18 F.3d 485, 1994 WL 72218
CourtCourt of Appeals for the Seventh Circuit
DecidedMarch 10, 1994
DocketNo. 92-3839
StatusPublished
Cited by3 cases

This text of 18 F.3d 485 (Commercial National Bank of Chicago v. Demos) is published on Counsel Stack Legal Research, covering Court of Appeals for the Seventh Circuit primary law. Counsel Stack provides free access to over 12 million legal documents including statutes, case law, regulations, and constitutions.

Bluebook
Commercial National Bank of Chicago v. Demos, 18 F.3d 485, 1994 WL 72218 (7th Cir. 1994).

Opinion

BAUER, Circuit Judge.

The Commercial National Bank of Chicago brought this interpleader action to determine the rights of several claimants to $67,847.13 on deposit in certain accounts at the bank. The district court conducted a trial and awarded the money in the accounts to certain of the defendants. Because we find that the district court lacked subject matter jurisdiction, we reverse the district court’s decision and remand the case with instructions to dismiss the action.

I. Facts

The names on these accounts are, in varying combinations, William and Mary Demos and their children. William and Mary Demos had disagreed with the Internal Revenue Service as to the nature and amount of their federal tax liability; this disagreement resulted in litigation in the United States Tax Court and the subsequent filing by the Service of a notice of levy on the accounts in the amount of $79,395.41.1 In addition, the De-moses faded to pay their attorney, Jeffrey Strange, for his representation in the tax litigation and related matters. As a result, Strange had served on the bank a notice of attorney’s lien on the accounts for the unpaid legal bills in the amount of $38,649.50. Confronted with these liens and the contention by William and Mary Demos that the accounts actually belonged to their children, the bank initiated this action.
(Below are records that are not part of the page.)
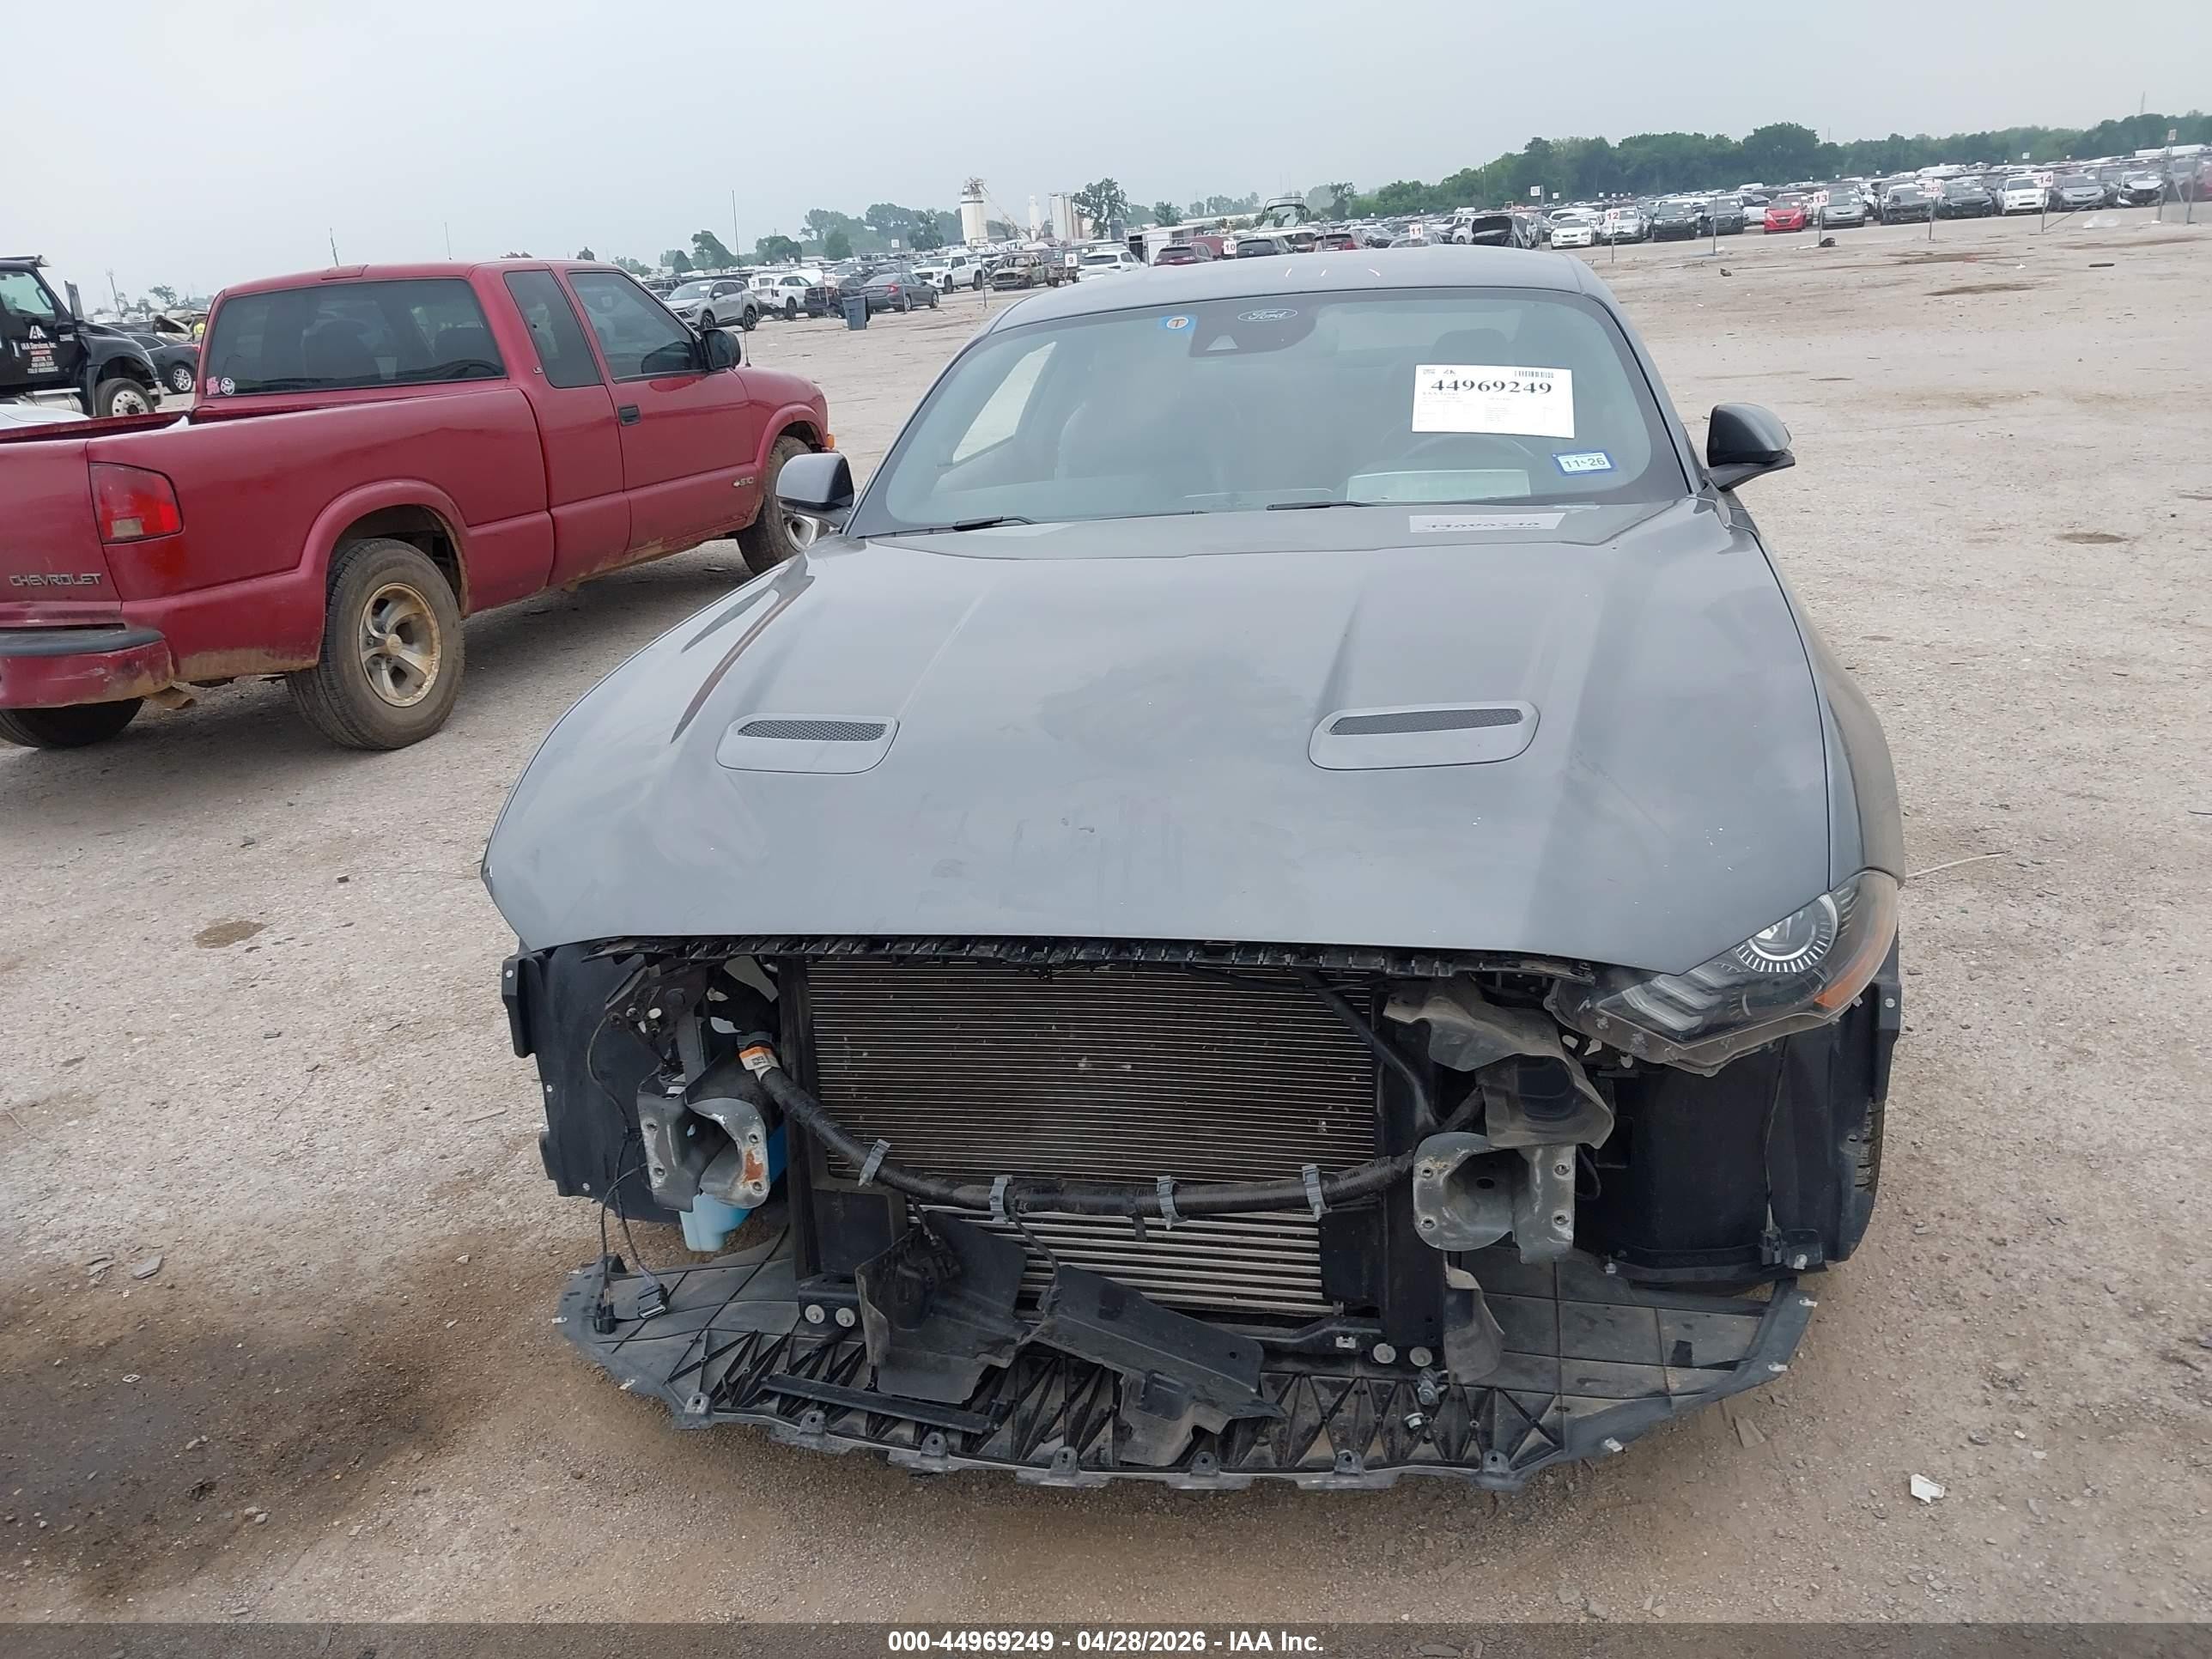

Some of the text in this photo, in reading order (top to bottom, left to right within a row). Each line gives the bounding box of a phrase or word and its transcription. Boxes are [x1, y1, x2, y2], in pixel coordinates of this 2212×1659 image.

[2040, 174, 2052, 184] 14
[1814, 194, 1827, 203] 13
[1607, 211, 1619, 220] 12
[1431, 379, 1553, 395] 44969249
[9, 573, 102, 586] CHEVROLET
[487]*487The bank alleged no claim to the money in the accounts. Further, it alleged that it was unable to determine, without hazard to itself, which of the defendants was entitled to the funds and had no means, other than this interpleader action, to protect itself against the threat of multiple liability from the defendants’ claims. The bank sought a judgment from the district court pursuant to Rule 22 of the Federal Rules of Civil Procedure so that it could insulate itself from personal liability in distributing the funds in the accounts. The government and Strange then filed cross-claims against the members of the Demos family for the amounts each party claimed it was owed. In addition, the government and Strange entered into an agreement that determined the priorities of their competing claims; they agreed that if both parties prevailed with respect to their cross-claims, Strange would be entitled to the first $15,000 from the accounts, then the government would be entitled to the full amount owed it, and Strange would be entitled to the rest of the funds in the accounts up to the full amount he was owed.
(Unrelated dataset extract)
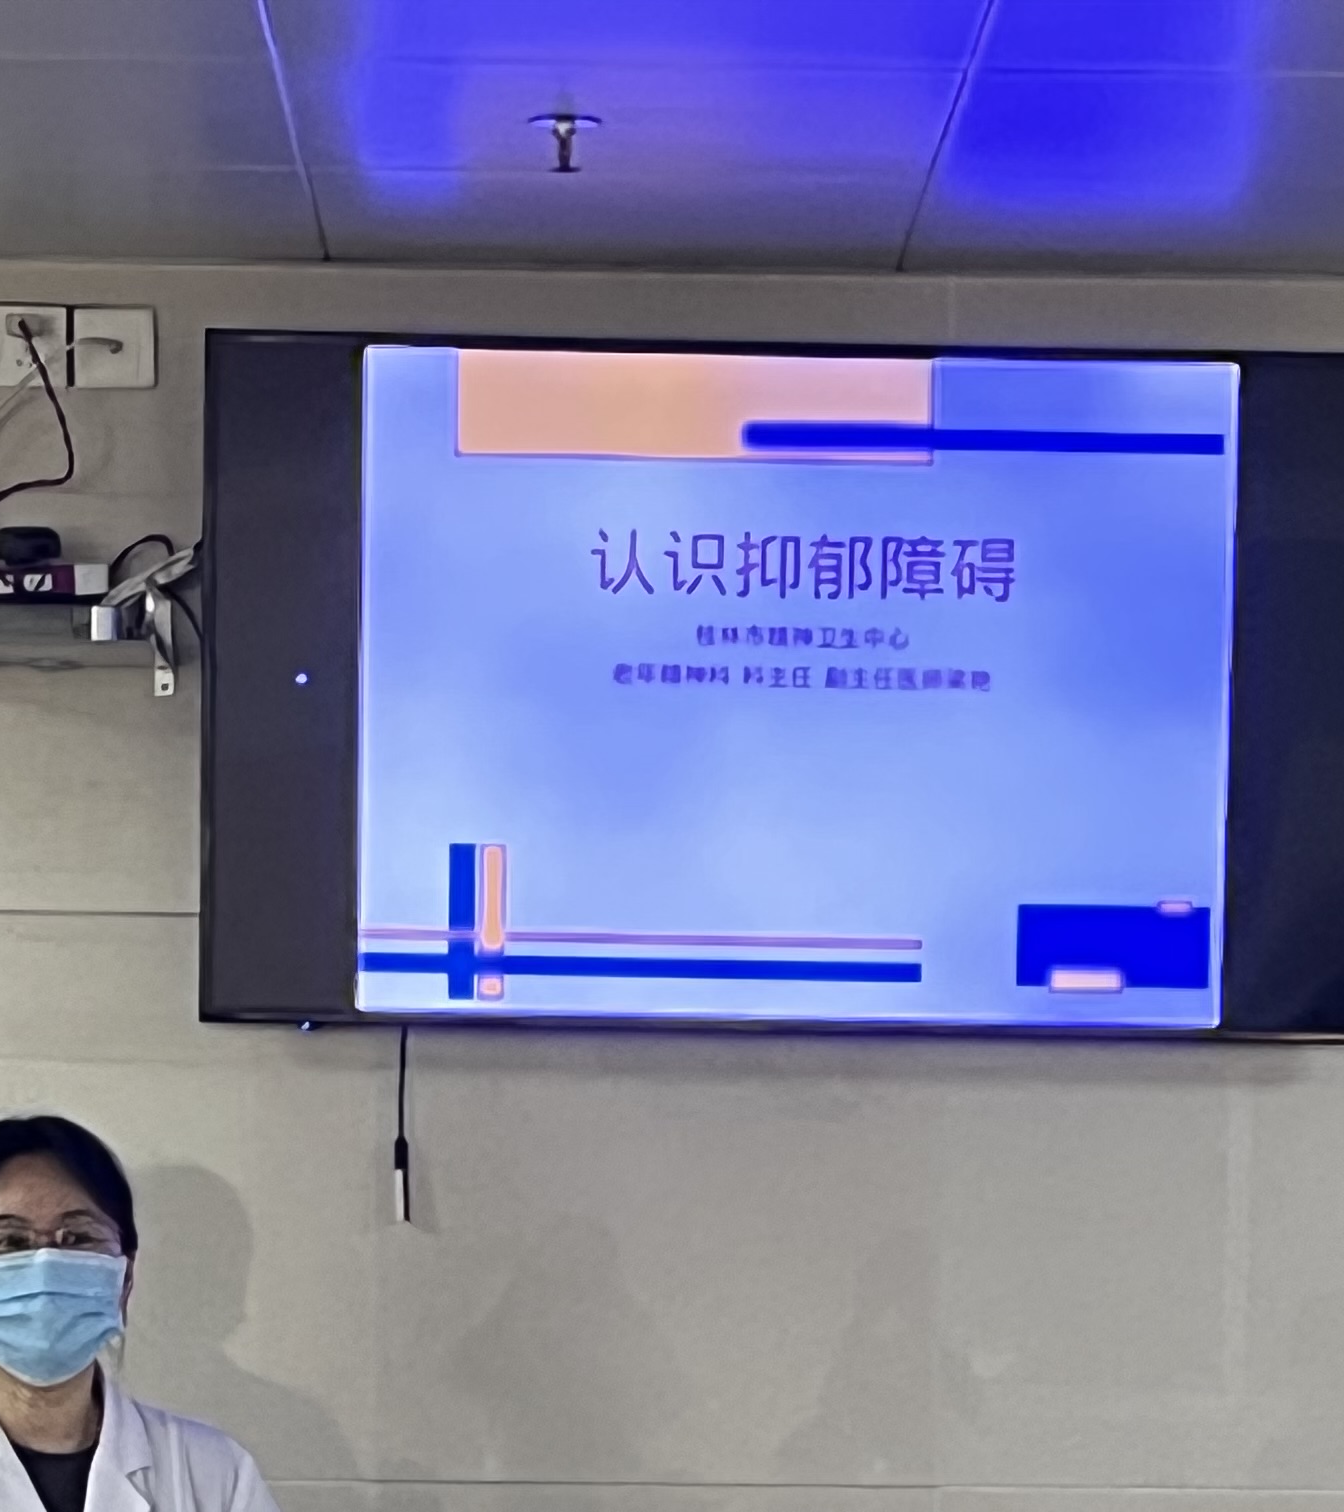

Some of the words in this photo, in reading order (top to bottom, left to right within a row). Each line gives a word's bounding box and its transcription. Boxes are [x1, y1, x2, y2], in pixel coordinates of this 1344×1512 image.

The district court conducted a trial and, on the merits, found for the government and Strange and against the Demos family. The Demoses appealed the district court’s decision. At oral argument, this court asked several questions regarding the district court’s jurisdiction over the action for which we did not receive satisfactory responses. We then ordered the parties to brief the issue so that we could determine whether the district court had subject matter jurisdiction to hear this ease. We determine that it did not.

II. Analysis

The bank, in its complaint, claimed jurisdiction pursuant to Rule 22 and 28 U.S.C. §§ 1331, 2410.2 It did not elaborate on the federal question presented by the complaint. The district court also stated that it had jurisdiction pursuant to 28 U.S.C. § 1331, by way of 28 U.S.C. § 2410, again without elaborating on the exact nature of the federal question. It determined that it had jurisdiction over the government’s cross-claim pursuant to 26 U.S.C. §§ 7402(a), 74033 and 28 U.S.C. §§ 1340, 1345.4 The issue of jurisdiction over this action was never raised by any of the parties, either in this court or in the court below. Further, the district court did not consider the issue in depth. Apparently, little thought was given to the issue until we demonstrated our concern about the issue at oral argument.
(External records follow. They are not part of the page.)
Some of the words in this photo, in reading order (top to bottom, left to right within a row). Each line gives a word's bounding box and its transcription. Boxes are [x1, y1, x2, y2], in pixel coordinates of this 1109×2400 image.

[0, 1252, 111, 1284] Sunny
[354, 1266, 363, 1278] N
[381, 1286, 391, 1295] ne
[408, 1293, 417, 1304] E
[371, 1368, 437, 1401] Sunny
That the parties have not contested, nor the district court considered jurisdiction does not impede our inquiry. ‘We are required to satisfy ourselves not only of our own jurisdiction, but also the jurisdiction of the district court.” Stearnes v. Baur’s Opera House, Inc., 3 F.3d 1142, 1144 (7th Cir.1993) (citing Mitchell v. Maurer, 293 U.S. 237, 244, 55 S.Ct. 162, 165, 79 L.Ed. 338 (1934); Krueger v. Cartwright, 996 F.2d 928 (7th Cir.1993)). Further, we must consider the issue sua sponte when it appears from the record that jurisdiction is lacking. Id.

Rule 22(1) states that “[pjersons having claims against the plaintiff may be joined as defendants and required to inter-plead when their claims are such that the plaintiff is or may be exposed to double or multiple liability.” This permits the bank, the stakeholder who has no claim to the money in the accounts and is willing to release it to the rightful claimant, “to put the money ... in dispute into court, withdraw from the proceeding, and leave the claimants to litigate between themselves the ownership of the fund in court.” Commercial Union [488]*488Ins. Co. v. United States, 999 F.2d 581, 583 (D.C.Cir.1993) (citations omitted). Rule 22(1) provides a procedural framework for interpleader actions, but it does not confer subject matter jurisdiction on federal courts. General Ry. Signal Co. v. Corcoran, 921 F.2d 700, 705 (7th Cir.1991) (citing Gelfgren v. Republic Nat’l Life Ins. Co., 680 F.2d 79, 81 (9th Cir.1982)). Where diversity is lacking in Rule 22(1) interpleader actions, jurisdiction must arise from a federal statute.5 Id. Therefore, for the federal courts to have jurisdiction over this action, the bank must demonstrate the existence of a federal question. See id.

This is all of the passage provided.